Sembra che sui siciliani si sia abbattuta
una sorta di maledizione: costretti a pagare le tariffe più elevate in
cambio di servizi fra i più scadenti d’Italia.
In realtà, la
maledizione non c’entra nulla. C’entrano, e molto, il malgoverno, la
cattiva amministrazione, l’irresponsabilità politica e l’assenza di
adeguati controlli.
Ossia un complesso di fattori che ha
generato un sistema “impazzito” che divora enormi risorse finanziarie,
pubbliche e private, e produce sprechi, debiti e favoritismi.
La situazione siciliana sta andando alla deriva, fuori d'ogni controllo politico e amministrativo.
La
conferma viene dalle tante statistiche, ma ogni cittadino può
constatarlo da se, nella vita quotidiana: nei campi della sanità, dei
trasporti, nella pubblica amministrazione, nella gestione del mercato
del lavoro, in gran parte al nero, dei servizi.
Un esempio? La
disastrosa gestione (tranne rarissime eccezioni) dei servizi di
raccolta e smaltimento dei rifiuti urbani, affidati ad una pletora di
27 A.T.O, acronimo beffardo che sta per Ambito territoriale ottimale.
Nonostante
le leggi e i decreti emanati dal presidente Lombardo, le circolari
dell’Agenzia regionale competente che impongono una riduzione nel
numero e una riorganizzazione giuridica e funzionale, gli Ato erano
ventisette e tanti sono restati.
E continuano ad accumulare
debiti, a bruciare risorse pubbliche e/o prelevate direttamente dalle
tasche dei cittadini attraverso tassazioni e tariffazioni fra le più
alte del Paese.
In Sicilia si paga la tariffa più alta per famiglia
Dall’Osservatorio
prezzi e tariffe 2008 di Cittadinanza attiva, si rileva che, nel 2007,
in Sicilia si è pagata la tariffa più elevata per famiglia tipo (tre
persone e un’abitazione di 100 mq): precisamente 280 euri l’anno (con
un incremento del 7,7% rispetto al 2006), contro una tariffa media
nazionale di 217 euro. Dopo la Sicilia segue la Campania (262), la
ricca Lombardia (184); ultimo è il Molise con 117 euri. Fra le prime 10
città per spesa annua più elevata, sei sono localizzate nel meridione,
delle quali tre siciliane: Siracusa al 1° posto (con 400 euri),
Agrigento al 3° (con 367 ), Catania al 4° (con 365 ).
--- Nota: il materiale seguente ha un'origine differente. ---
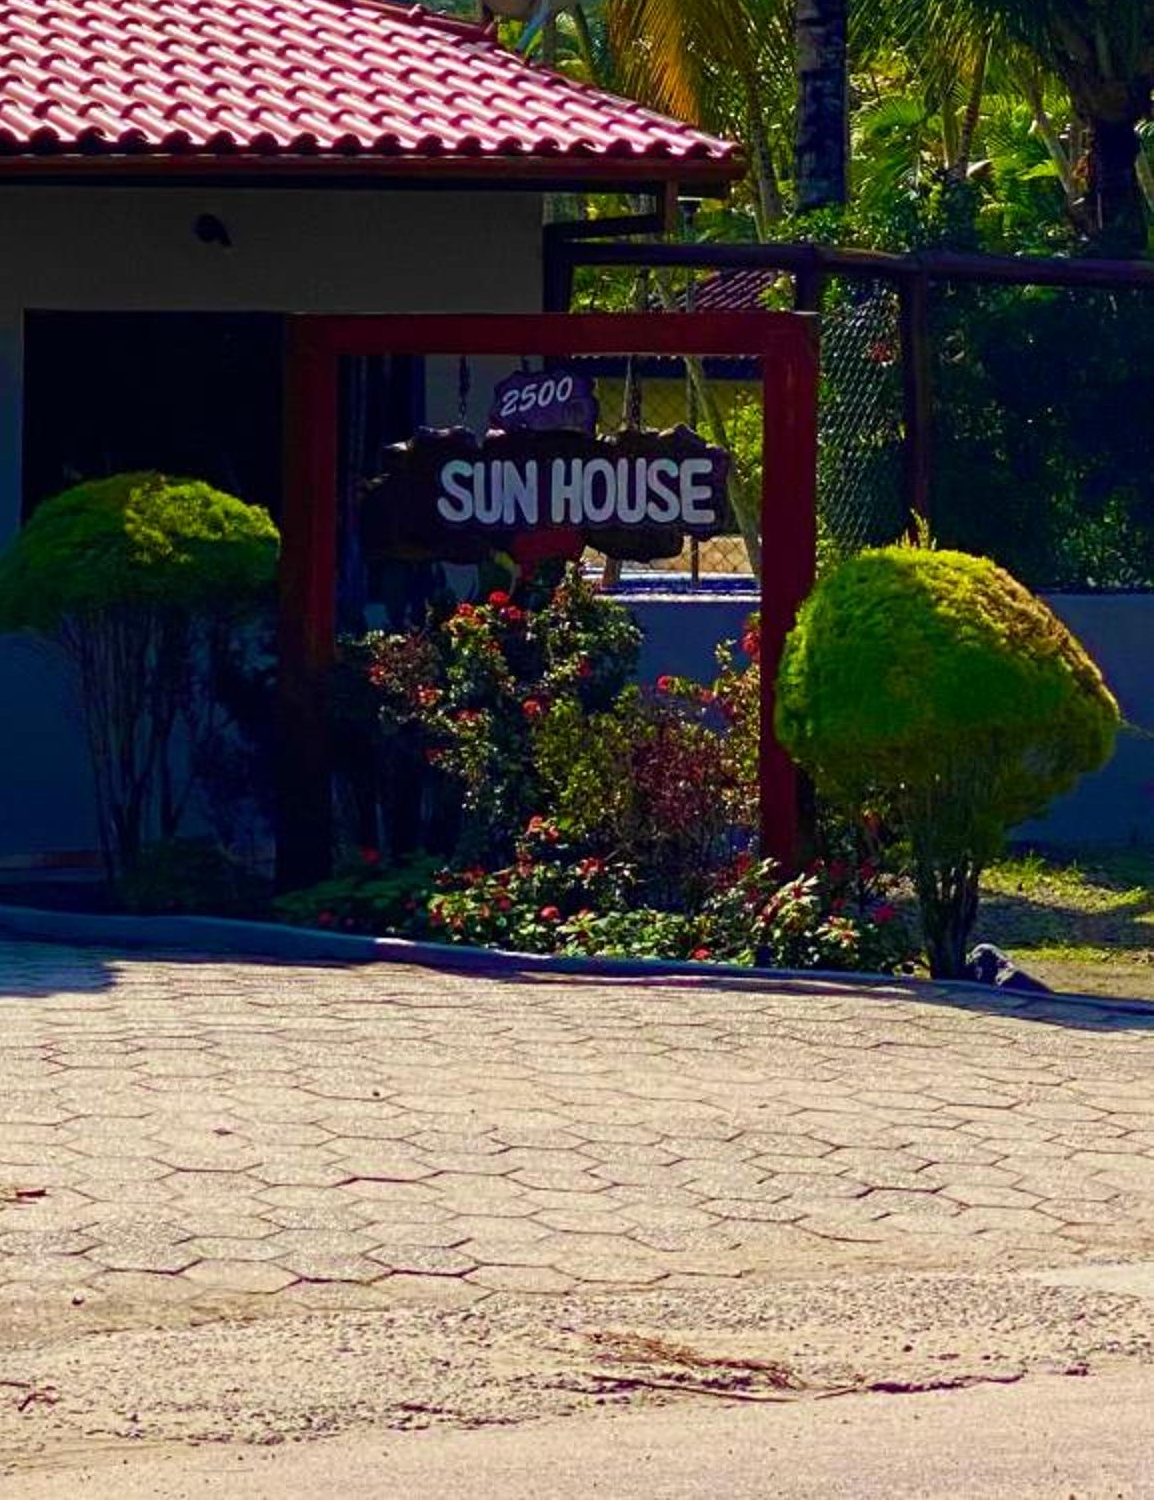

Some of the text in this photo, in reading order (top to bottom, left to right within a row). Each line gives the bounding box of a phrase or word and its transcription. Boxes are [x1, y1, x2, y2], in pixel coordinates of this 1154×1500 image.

[499, 375, 573, 417] 2500
[437, 457, 715, 525] SUN HOUSE
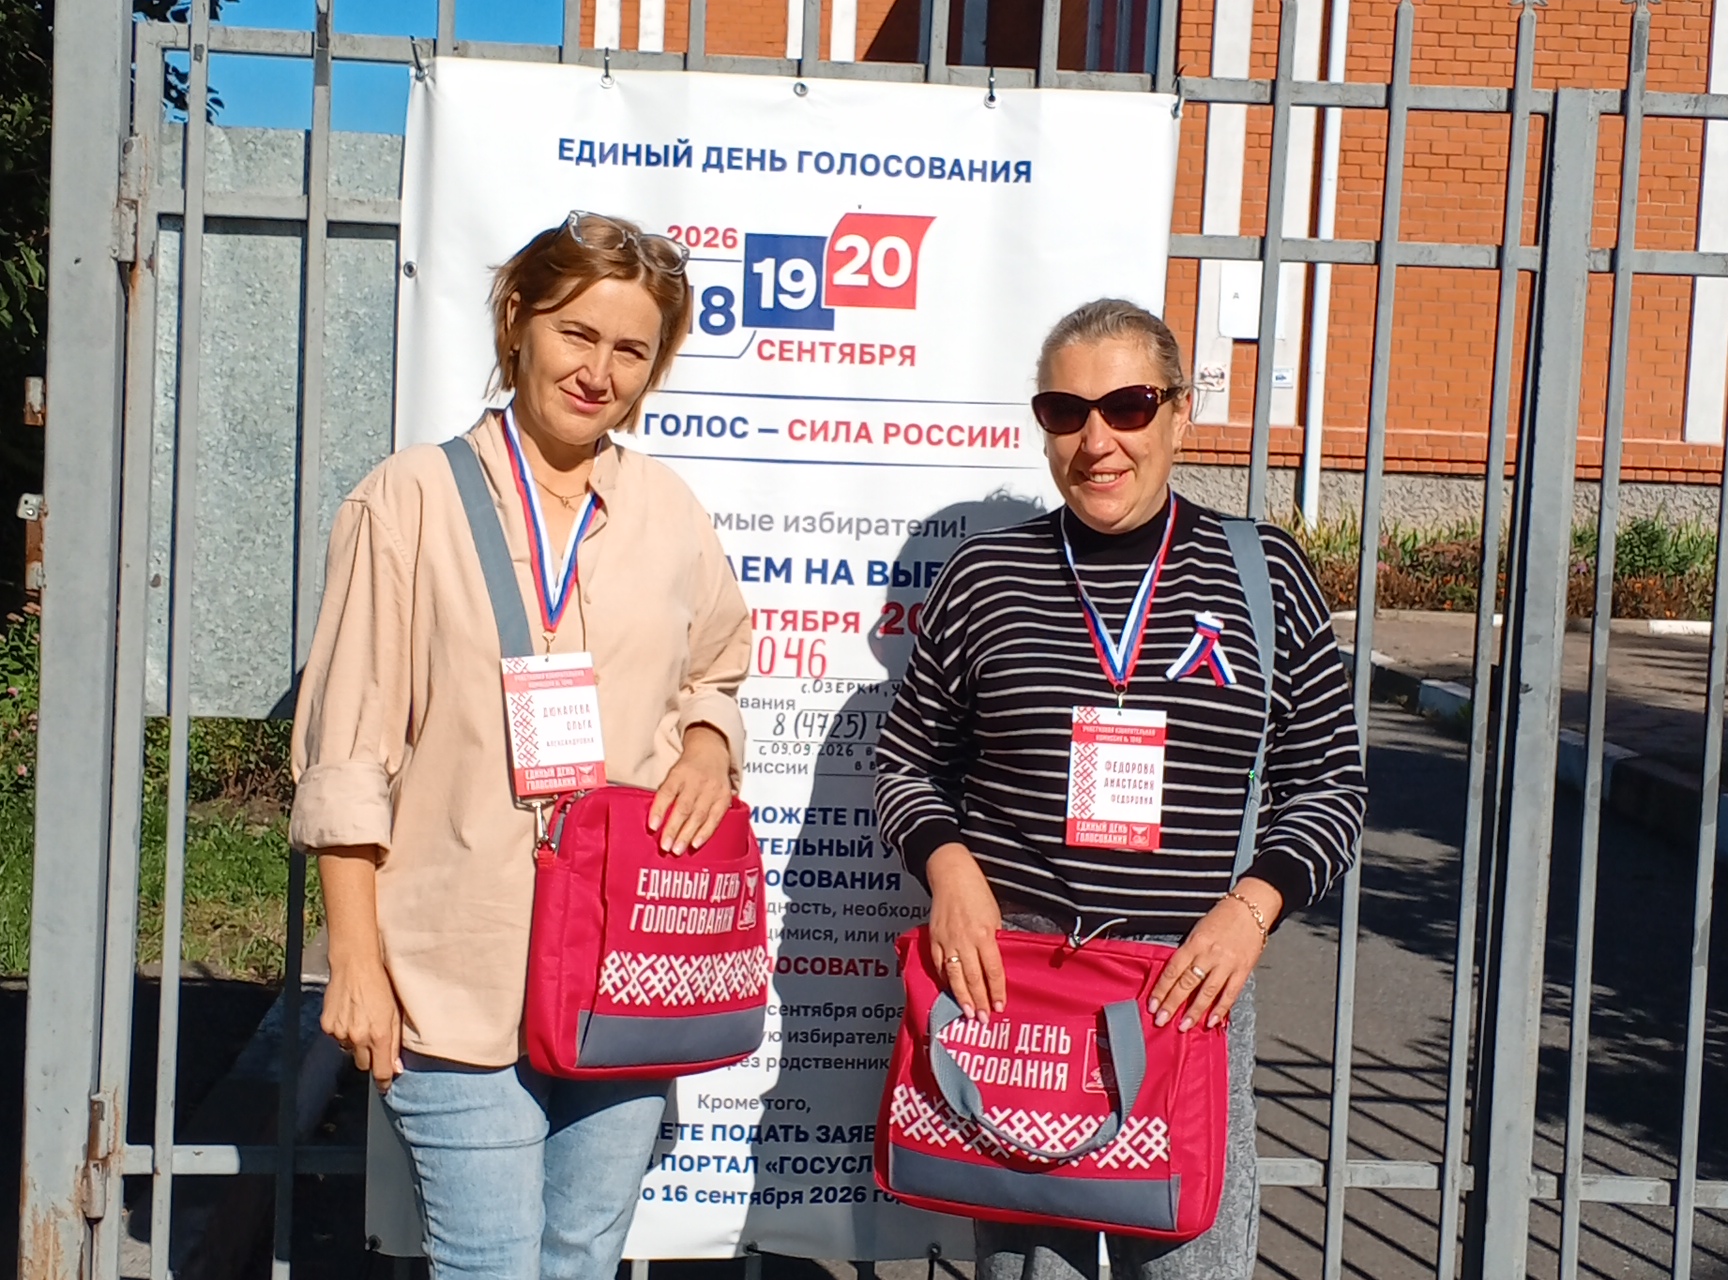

Palermo è al 16°
posto con 261. Ci sono città, anche del mezzogiorno, con una spesa
molto più ridotta di quelle sopra citate: Reggio Calabria (95 euri),
Brescia (123 ) Cremona (127).
Perché queste forti disparità
di spesa? Sarebbe il caso che gli enti gestori e le graziose autorità
siciliane lo spiegassero ai contribuenti siciliani.
Sappiamo,
da tempo, che una delle cause principali sta negli sprechi prodotti
dall’elefantiaca organizzazione territoriale articolata in 27 Ato,
invece che 9, ossia uno per provincia come nel resto d’Italia.
Come il solito, è stata usata l’Autonomia per dar vita ad una "nuova idra dalle 27 teste"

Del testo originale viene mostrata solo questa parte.